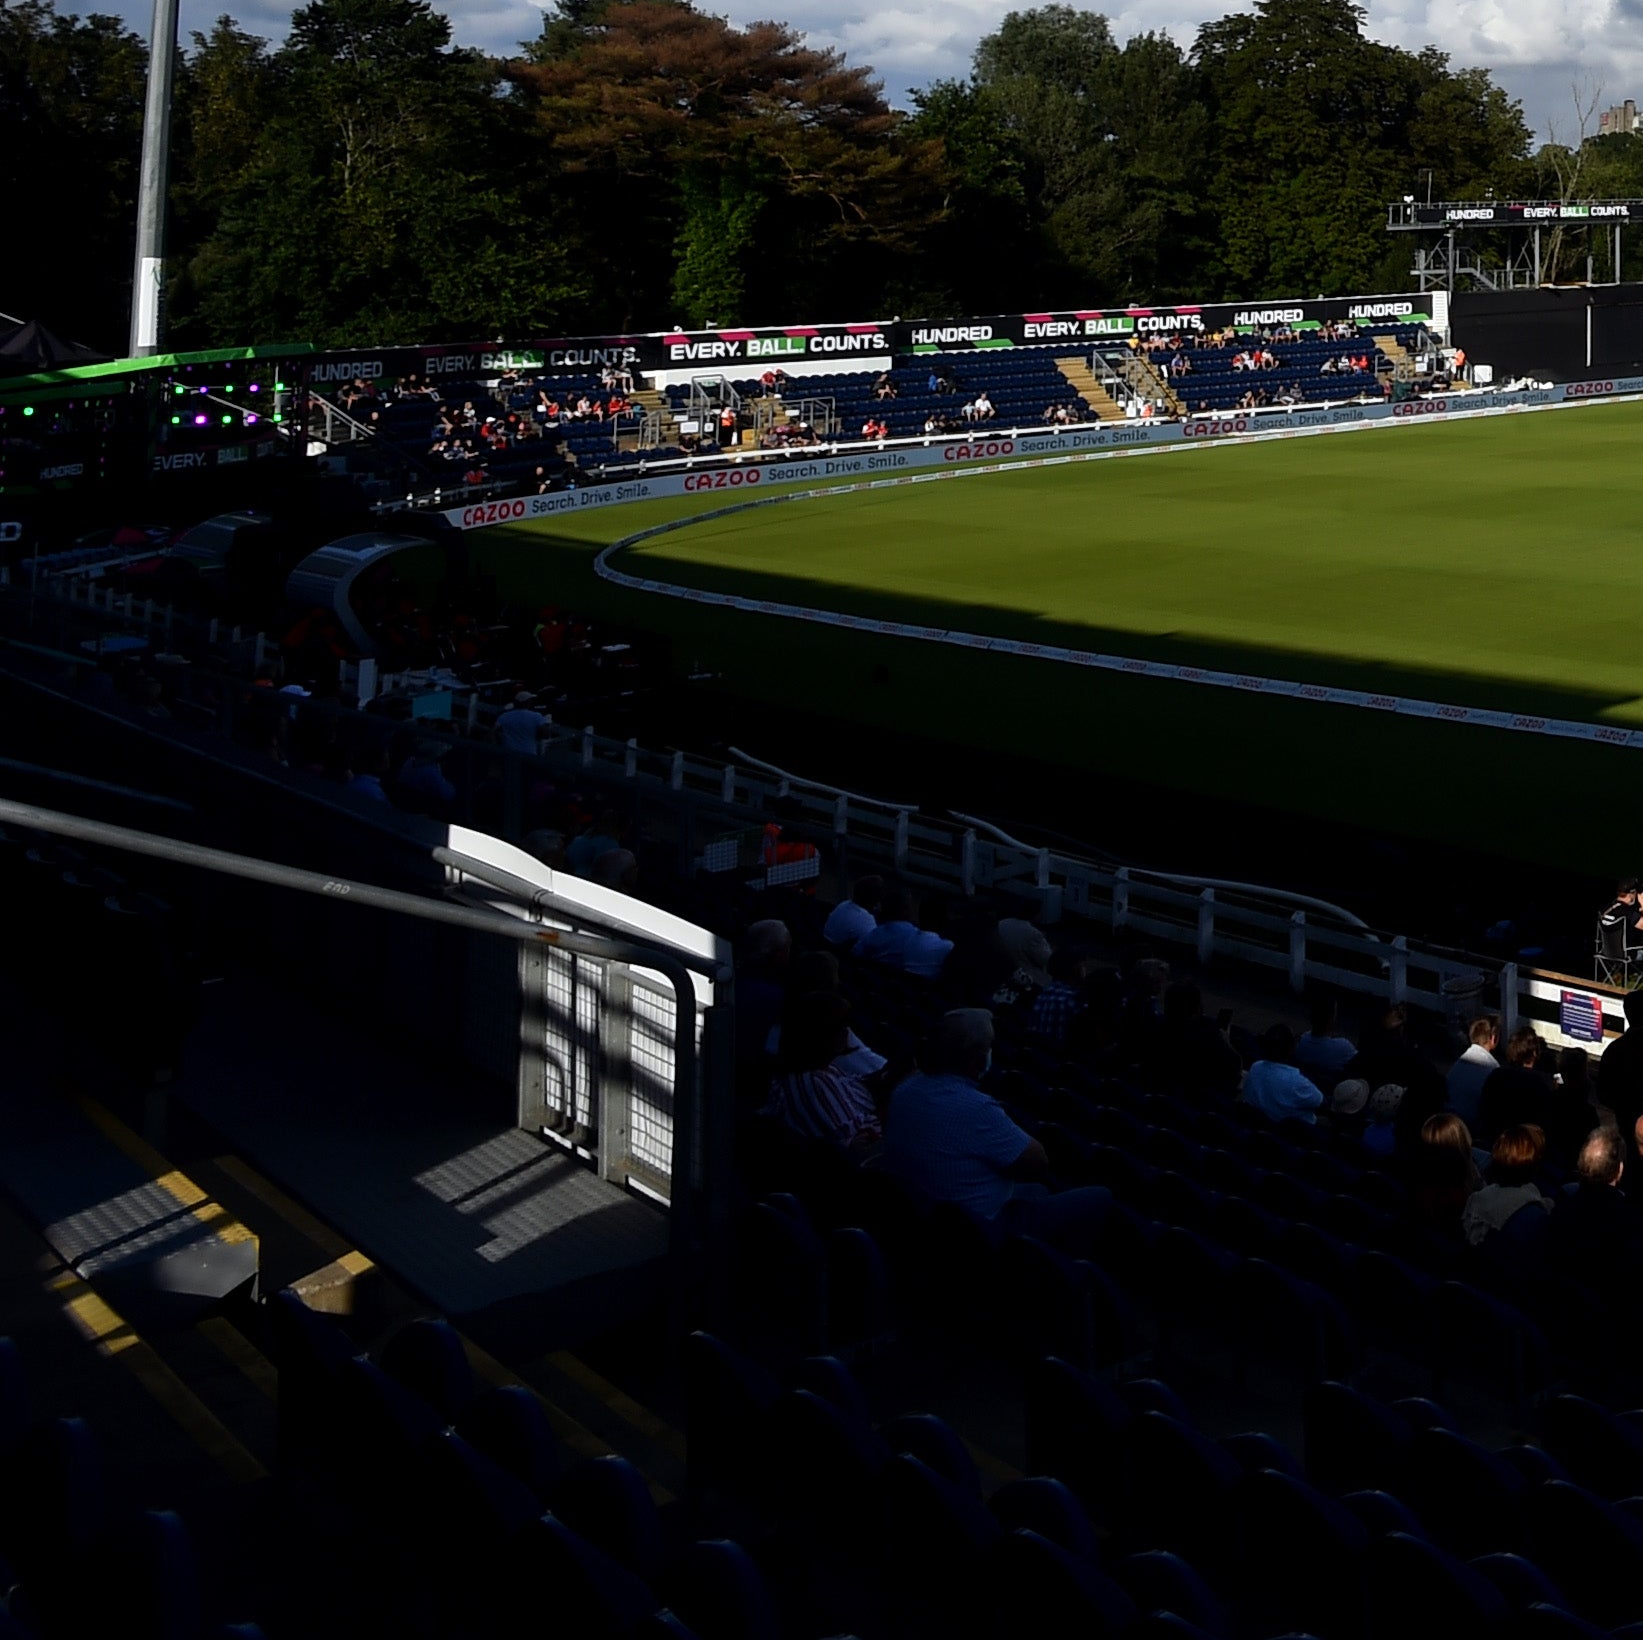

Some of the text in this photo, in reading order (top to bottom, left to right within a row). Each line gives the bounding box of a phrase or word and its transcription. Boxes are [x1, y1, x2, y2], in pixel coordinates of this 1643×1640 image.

[1446, 209, 1494, 220] HUNDRED
[1523, 207, 1558, 218] EVERY.
[1591, 205, 1630, 216] COUNTS.
[911, 325, 993, 345] HUNDRED
[1023, 321, 1082, 339] EVERY.
[1085, 318, 1133, 334] BALL.
[1234, 308, 1304, 326] HUNDRED
[1349, 302, 1413, 319] HUNDRED
[670, 333, 890, 361] EVERY. BALL. COUNTS.
[310, 361, 383, 383] HUNDRED
[426, 354, 476, 375] EVERY.
[549, 346, 641, 366] COUNTS.
[1566, 381, 1613, 395] CAZOO
[1183, 409, 1364, 437] CAZOO Search. Drive. Smile.
[1393, 400, 1446, 416] CAZOO
[944, 429, 1151, 461] CAZOO Search. Drive. Smile.
[684, 455, 908, 491] CAZOO Search. Drive. Smile.
[463, 483, 651, 527] CAZOO Search. Drive. Smile.
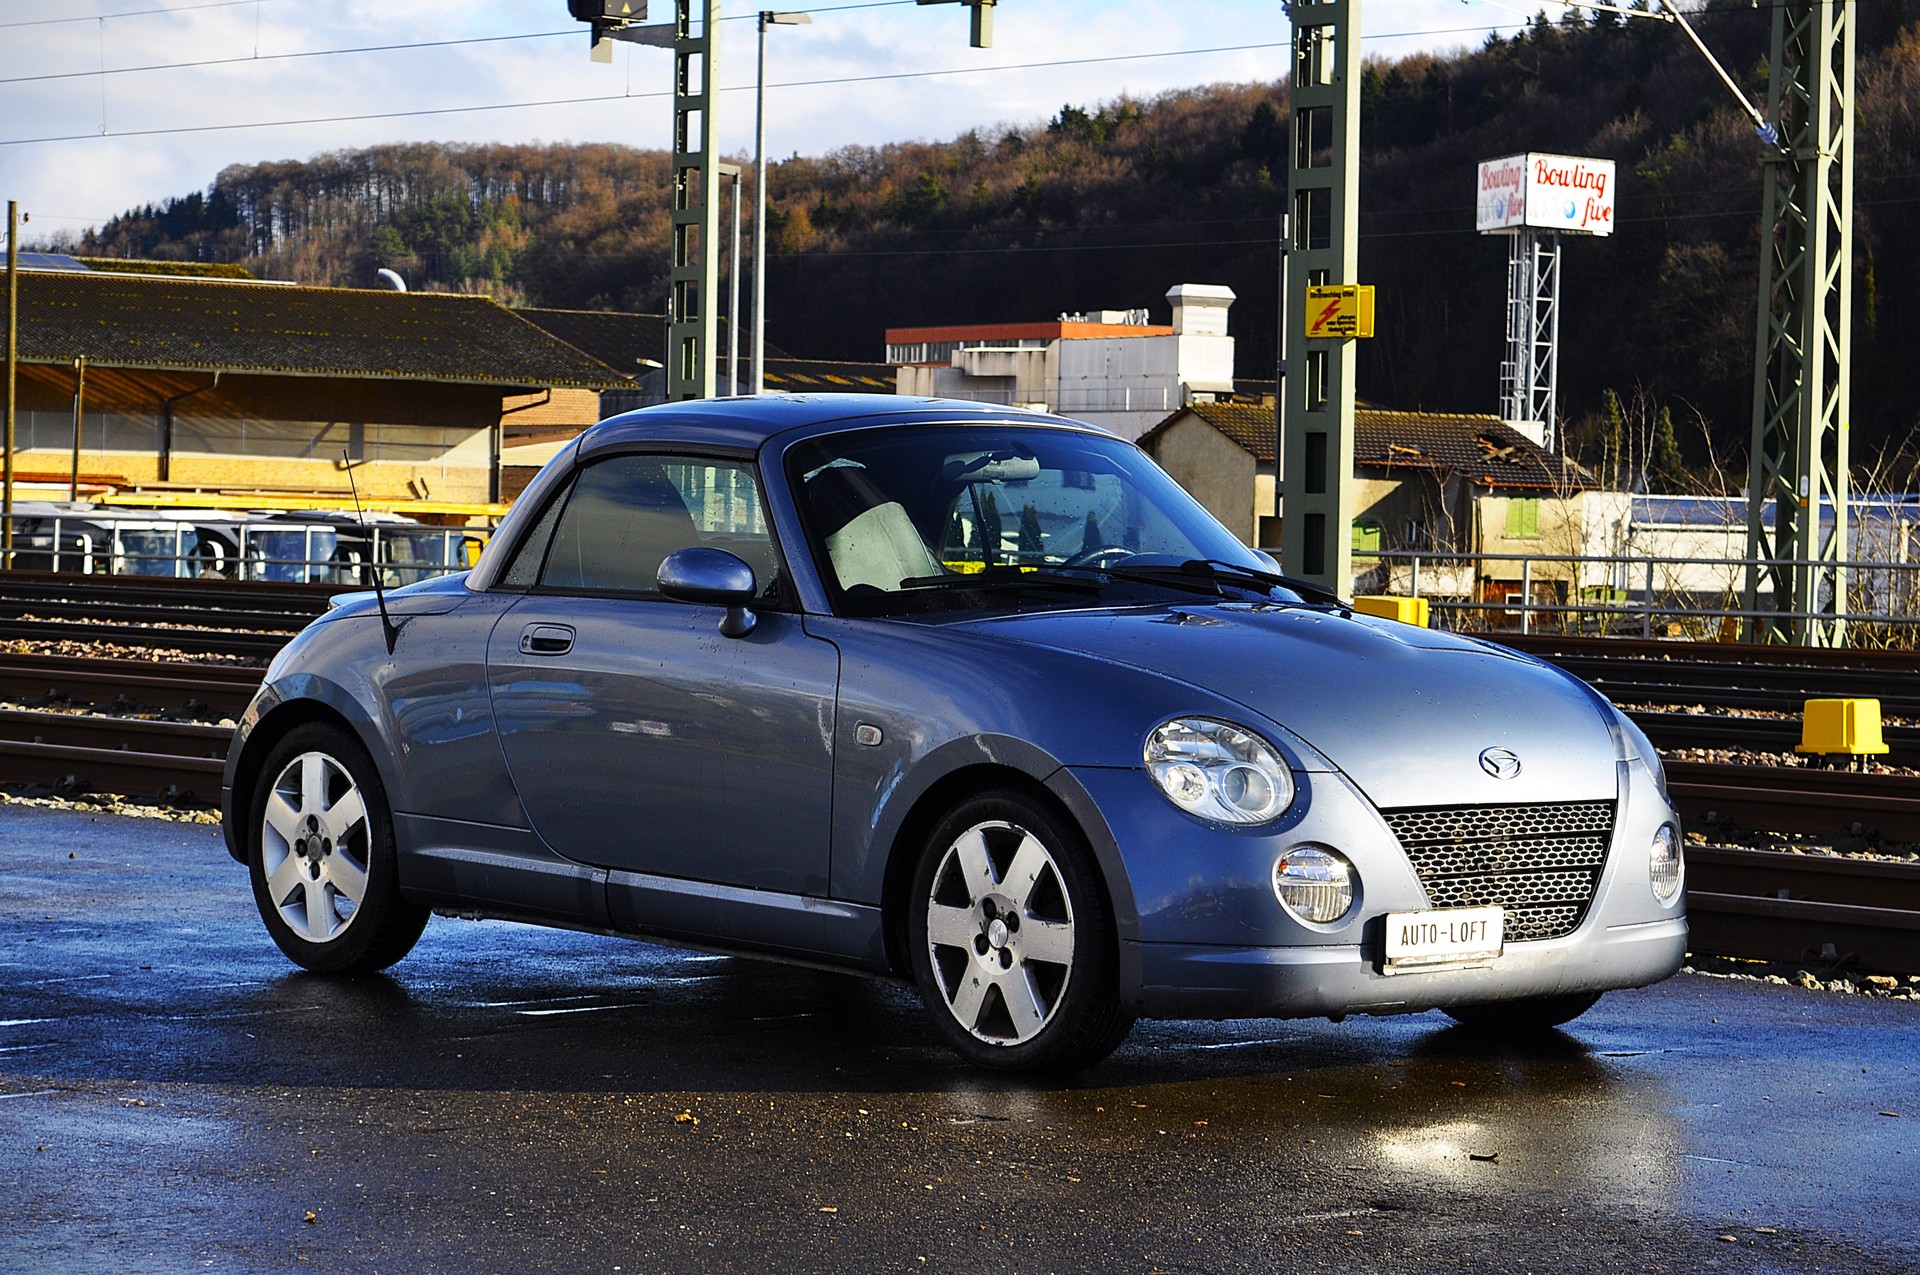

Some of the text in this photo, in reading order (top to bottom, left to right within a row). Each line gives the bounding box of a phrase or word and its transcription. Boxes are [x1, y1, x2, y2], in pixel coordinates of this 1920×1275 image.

[1481, 161, 1521, 193] Bowling
[1535, 159, 1607, 198] Bowling
[1505, 192, 1523, 225] five
[1581, 196, 1612, 227] five
[1401, 920, 1488, 946] AUTO-LOFT

TO DO: Repeat the whole listing above word for word. Leave out the pictures.

OUTPUT OF THE TASK:
Some of the text in this photo, in reading order (top to bottom, left to right within a row). Each line gives the bounding box of a phrase or word and its transcription. Boxes are [x1, y1, x2, y2], in pixel coordinates of this 1643×1640 image.

[1446, 209, 1494, 220] HUNDRED
[1523, 207, 1558, 218] EVERY.
[1591, 205, 1630, 216] COUNTS.
[911, 325, 993, 345] HUNDRED
[1023, 321, 1082, 339] EVERY.
[1085, 318, 1133, 334] BALL.
[1234, 308, 1304, 326] HUNDRED
[1349, 302, 1413, 319] HUNDRED
[670, 333, 890, 361] EVERY. BALL. COUNTS.
[310, 361, 383, 383] HUNDRED
[426, 354, 476, 375] EVERY.
[549, 346, 641, 366] COUNTS.
[1566, 381, 1613, 395] CAZOO
[1183, 409, 1364, 437] CAZOO Search. Drive. Smile.
[1393, 400, 1446, 416] CAZOO
[944, 429, 1151, 461] CAZOO Search. Drive. Smile.
[684, 455, 908, 491] CAZOO Search. Drive. Smile.
[463, 483, 651, 527] CAZOO Search. Drive. Smile.

Some of the text in this photo, in reading order (top to bottom, left to right within a row). Each line gives the bounding box of a phrase or word and its transcription. Boxes are [x1, y1, x2, y2], in pixel coordinates of this 1920×1275 image.

[1481, 161, 1521, 193] Bowling
[1535, 159, 1607, 198] Bowling
[1505, 192, 1523, 225] five
[1581, 196, 1612, 227] five
[1401, 920, 1488, 946] AUTO-LOFT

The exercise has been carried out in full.